You vegans out there might want to avoid the intersection of Illinois Rd and Scott Rd in Fort Wayne. If you pass through that intersection (or, heaven forbid, have to stop for a red light there), you will most assuredly become a carnivore.

I should qualify that statement. You will become a carnivore if Burger King is open and is actively grilling burgers. You doubt what I say? Well, just try it sometime. The smell of Burger King’s burgers, grilled over open flames, is enough to make me gag. Maybe you like that smell. Well, HAVE IT YOUR WAY.

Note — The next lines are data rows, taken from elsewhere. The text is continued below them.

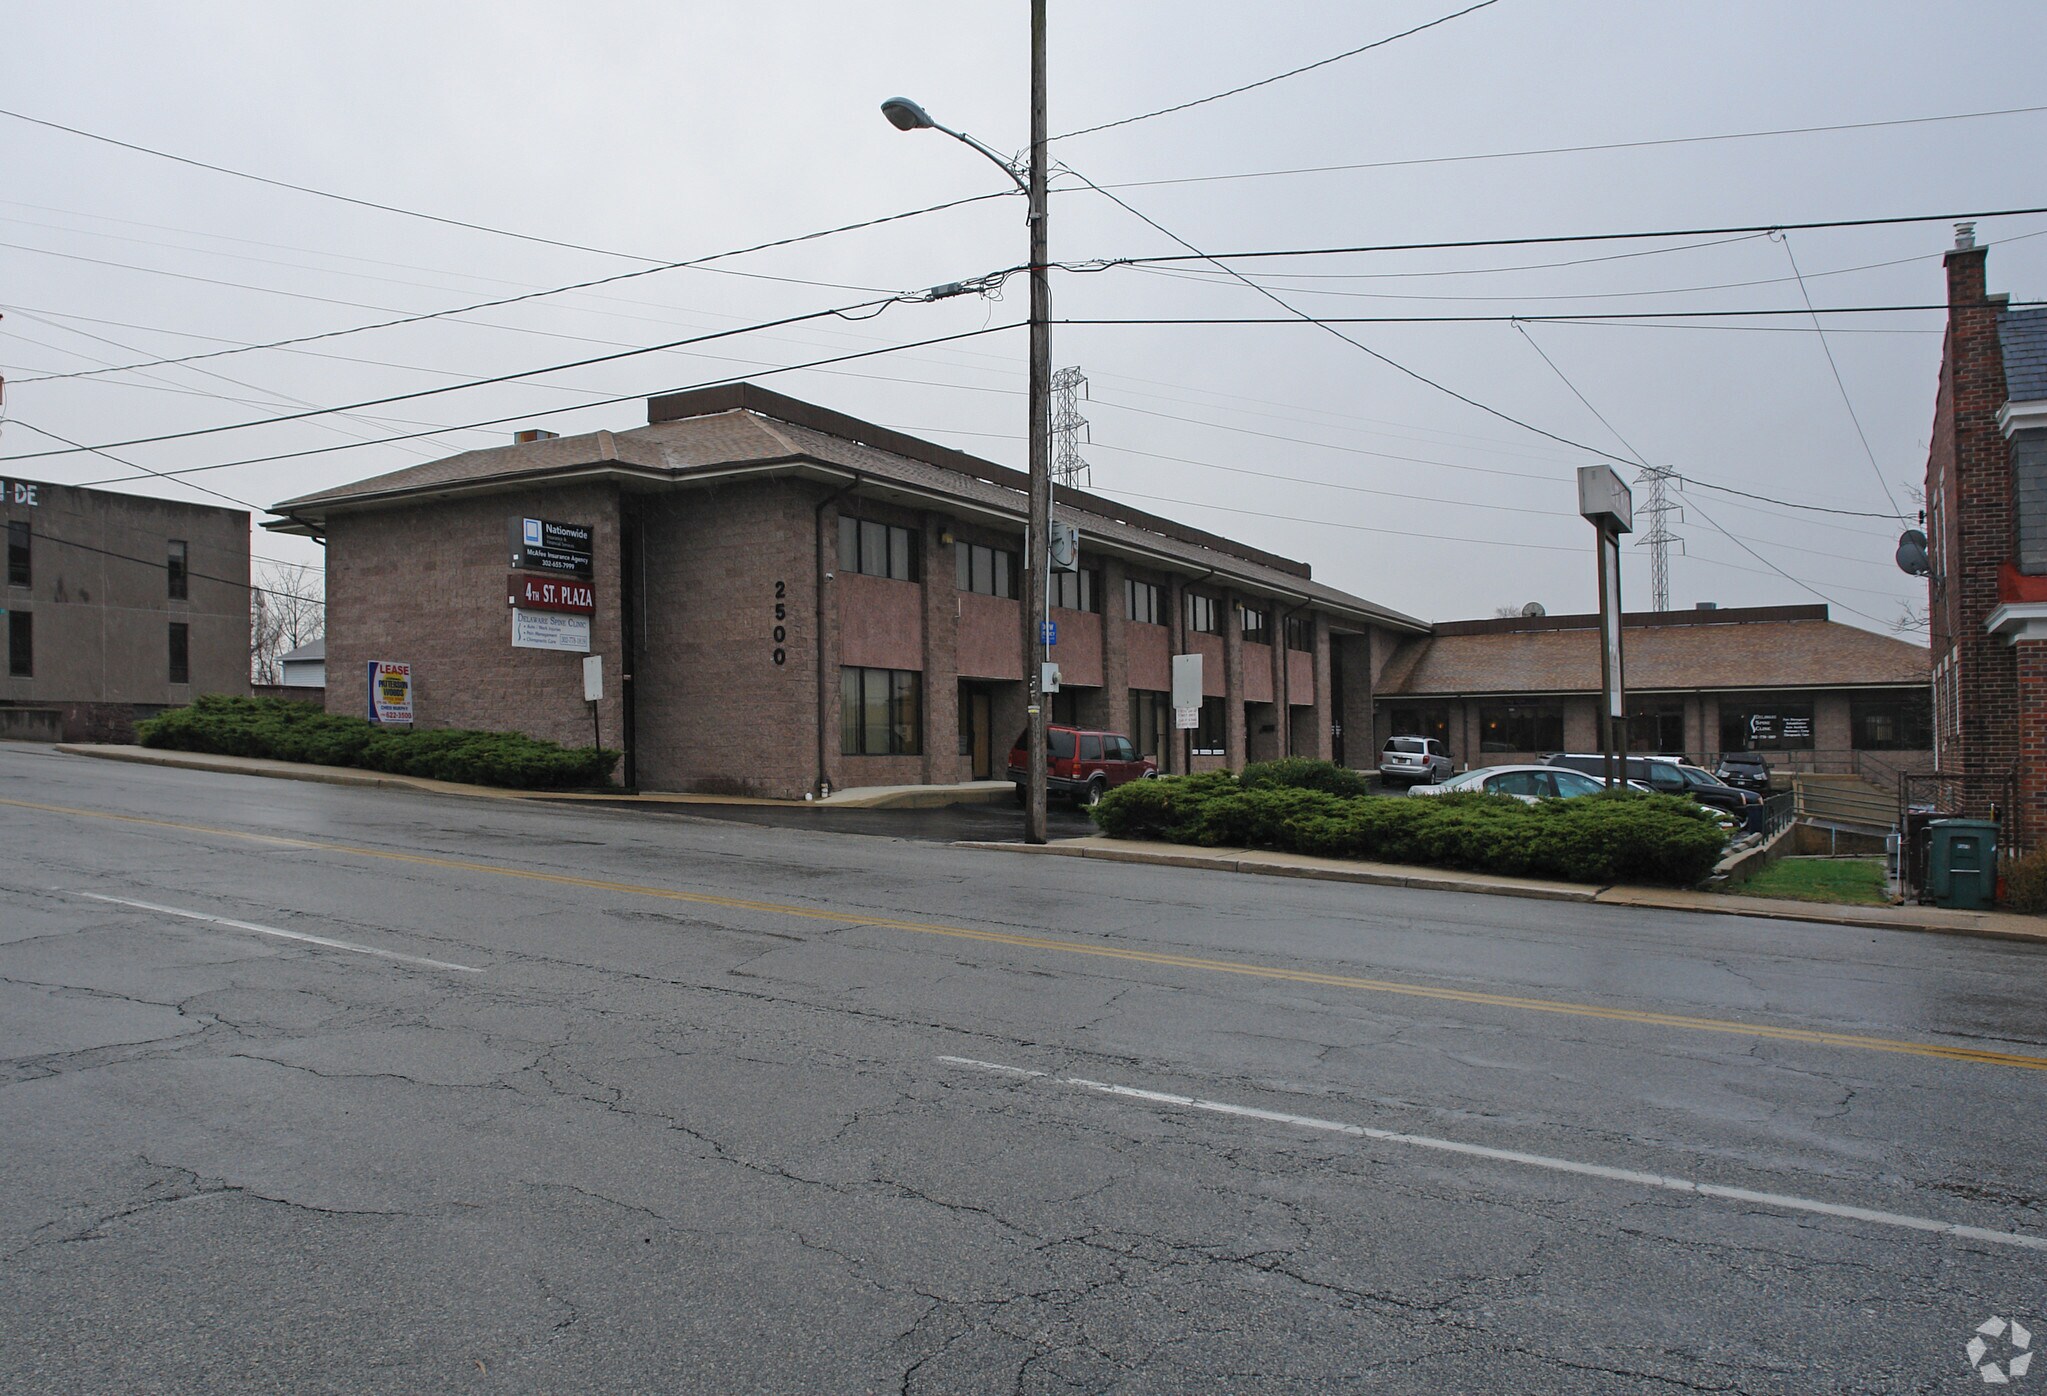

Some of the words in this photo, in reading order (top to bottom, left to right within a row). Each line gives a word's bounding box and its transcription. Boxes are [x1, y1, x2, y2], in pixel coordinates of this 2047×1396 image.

[545, 523, 588, 540] Nationwide
[527, 548, 547, 557] McAfee
[547, 552, 570, 560] Insurance
[571, 555, 589, 565] Agency
[543, 584, 558, 603] ST.
[561, 586, 593, 607] PLAZA
[517, 613, 549, 625] DELAWARE
[550, 616, 567, 626] SPINE
[568, 618, 587, 629] CLINIC
[773, 581, 786, 665] 2500
[380, 664, 409, 675] LEASE

I’m just saying that if you are a vegan, or vegetarian, or one who does not consume flesh, you will be consuming flesh at the corner of Illinois and Scott JUST BY BREATHING! Those greasy fumes from the burgers actually enter your lungs. They also lodge in your nose and throat, making their way eventually into your body. I’m not sure, but it’s possible you could inhale so much of that stuff it would clog up your pipes and you would end up permanently pickled or critically constipated.

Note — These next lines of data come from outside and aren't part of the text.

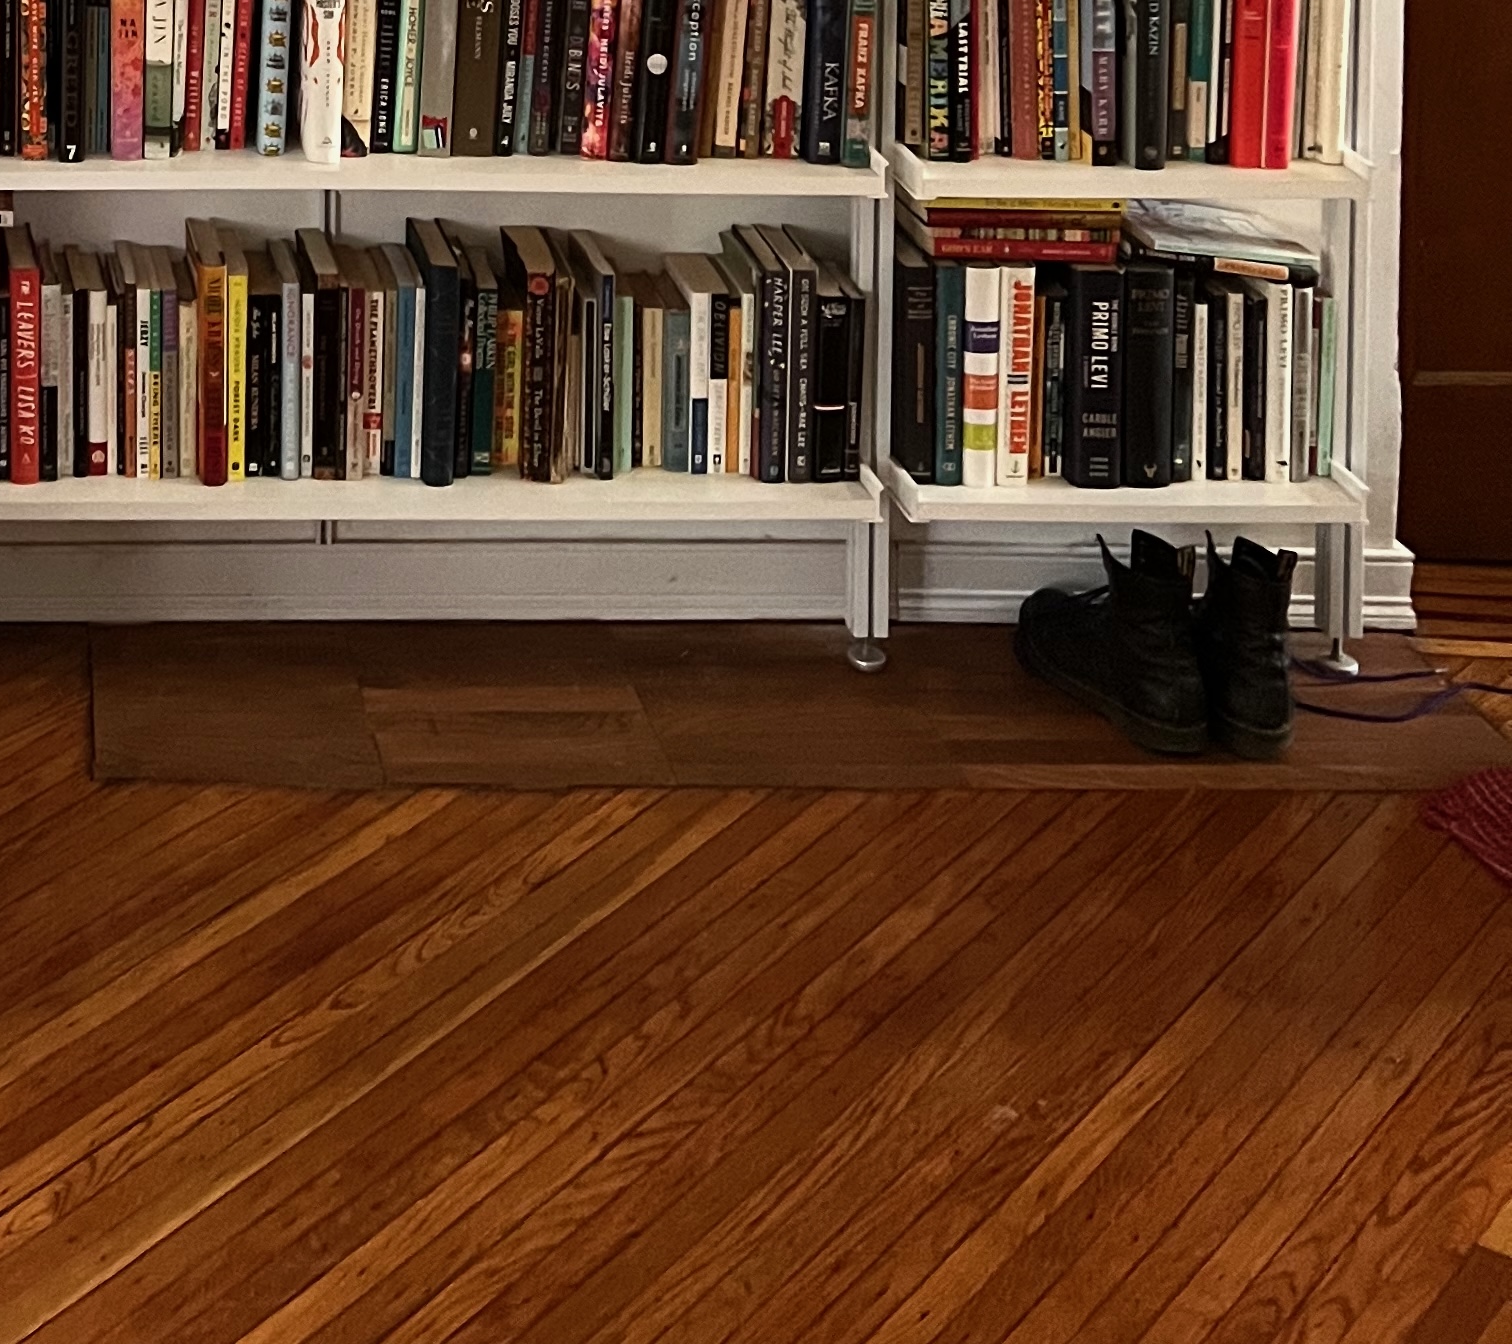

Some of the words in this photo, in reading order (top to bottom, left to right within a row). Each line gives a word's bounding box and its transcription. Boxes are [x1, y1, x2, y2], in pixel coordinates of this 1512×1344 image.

[1148, 13, 1159, 57] KAZIN
[822, 61, 840, 122] KAFKA
[855, 66, 868, 110] KAFKA
[286, 287, 296, 358] IGNORANCE
[770, 276, 783, 327] HARPER
[1012, 279, 1034, 372] JONATHAN
[1092, 301, 1110, 351] PRIMO
[17, 300, 35, 370] LEAVERS
[715, 300, 726, 375] OBLIVION
[1091, 353, 1108, 389] LEVI
[18, 386, 35, 414] LISA
[18, 422, 35, 446] KO

I had to stop at that intersection several evenings ago. Almost instantly, my car was filled with greasy, slimy, burgery fumes. And that was with my windows up! By the time the light had changed to green, my clothes reeked of the stuff and I felt a sudden urge to have an angioscopy. No, I am not vegan. I just don’t like to have animal flesh foisted on me without my consent.

If you really do like the smell of scorched Burger King burgers, you are in luck. Not only are there 10 Burger Kings in the Fort Wayne area, but there is also another way to suck up those fumes. Believe it or not, Burger King actually sells a fragrance called “Flame” that is based on the smell of a Whopper. Now you can have it your way any time of day. And you don’t have to get in the car and drive to the nearest BK. How easy is that?

I wonder how many cows it takes to make up a batch of “Flame.”